== Working data

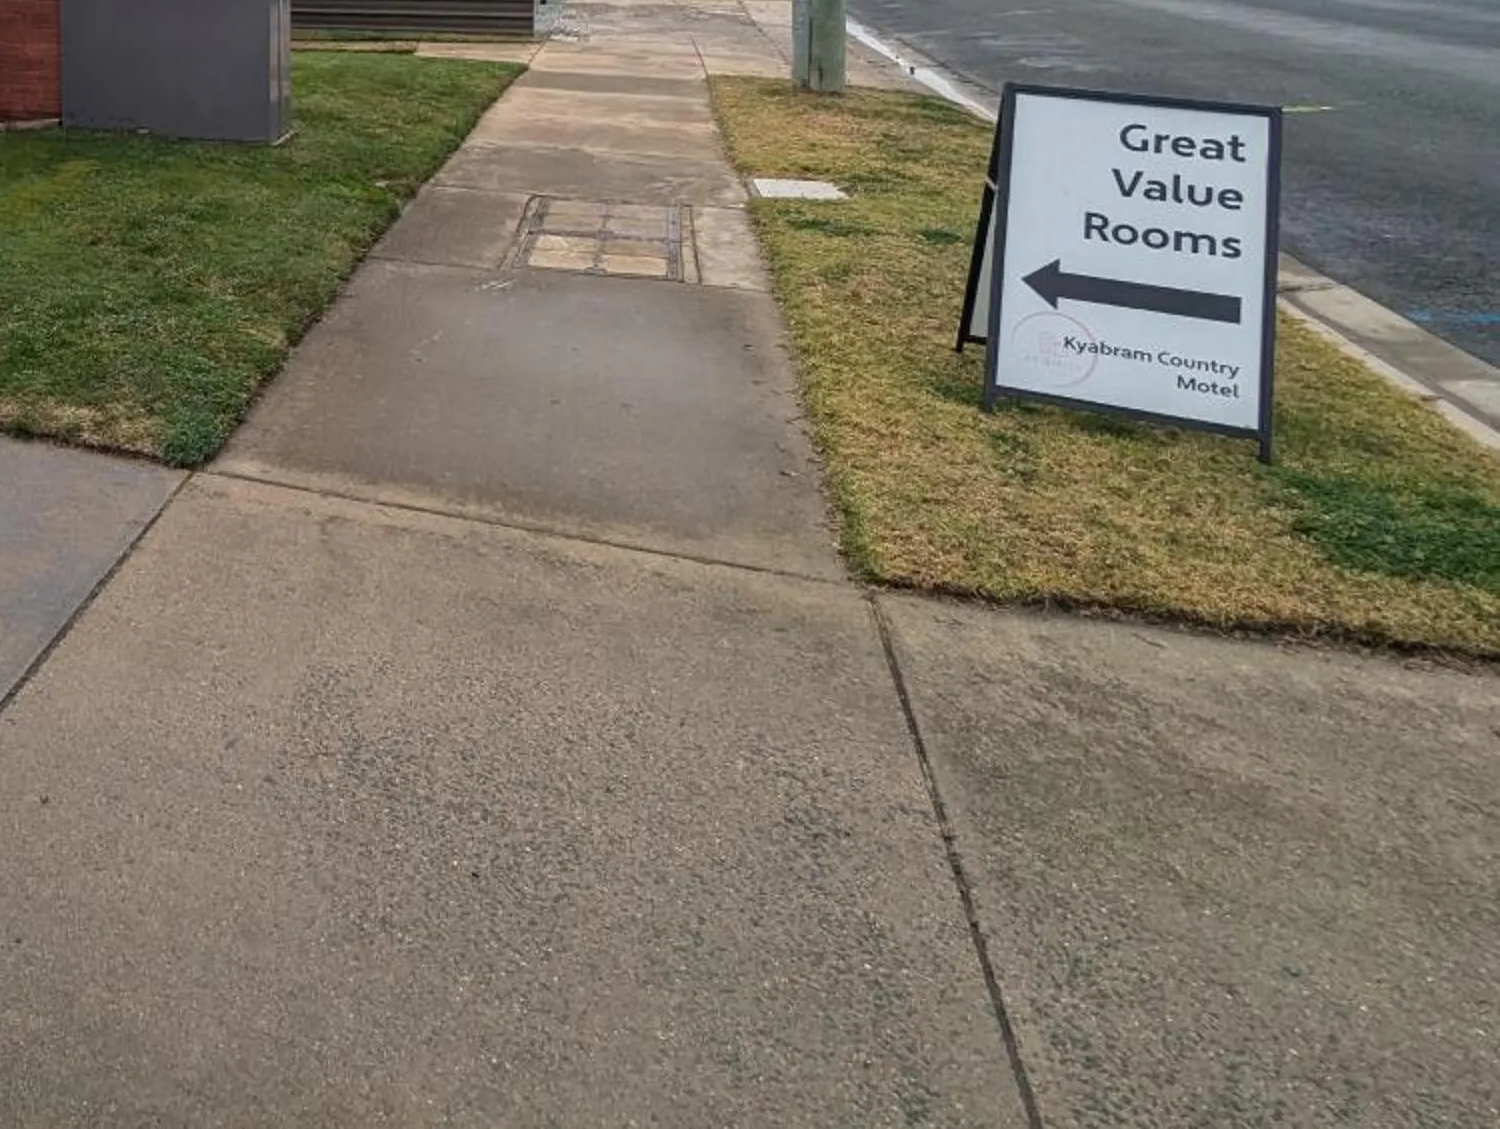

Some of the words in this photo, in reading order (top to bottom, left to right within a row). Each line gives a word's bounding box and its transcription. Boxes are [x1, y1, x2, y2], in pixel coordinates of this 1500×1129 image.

[1119, 123, 1247, 163] Great
[1111, 168, 1244, 210] Value
[1083, 211, 1242, 259] Rooms
[1063, 335, 1153, 363] Kyabram
[1158, 351, 1240, 378] Country
[1176, 375, 1239, 399] Motel

====

▶ [Instructions for the task]:
Transcribe each entry above without alteration, but keep the pictures out.

▶ [Exercise solution]:
Some of the words in this photo, in reading order (top to bottom, left to right within a row). Each line gives a word's bounding box and its transcription. Boxes are [x1, y1, x2, y2], in pixel coordinates of this 1500×1129 image.

[1119, 123, 1247, 163] Great
[1111, 168, 1244, 210] Value
[1083, 211, 1242, 259] Rooms
[1063, 335, 1153, 363] Kyabram
[1158, 351, 1240, 378] Country
[1176, 375, 1239, 399] Motel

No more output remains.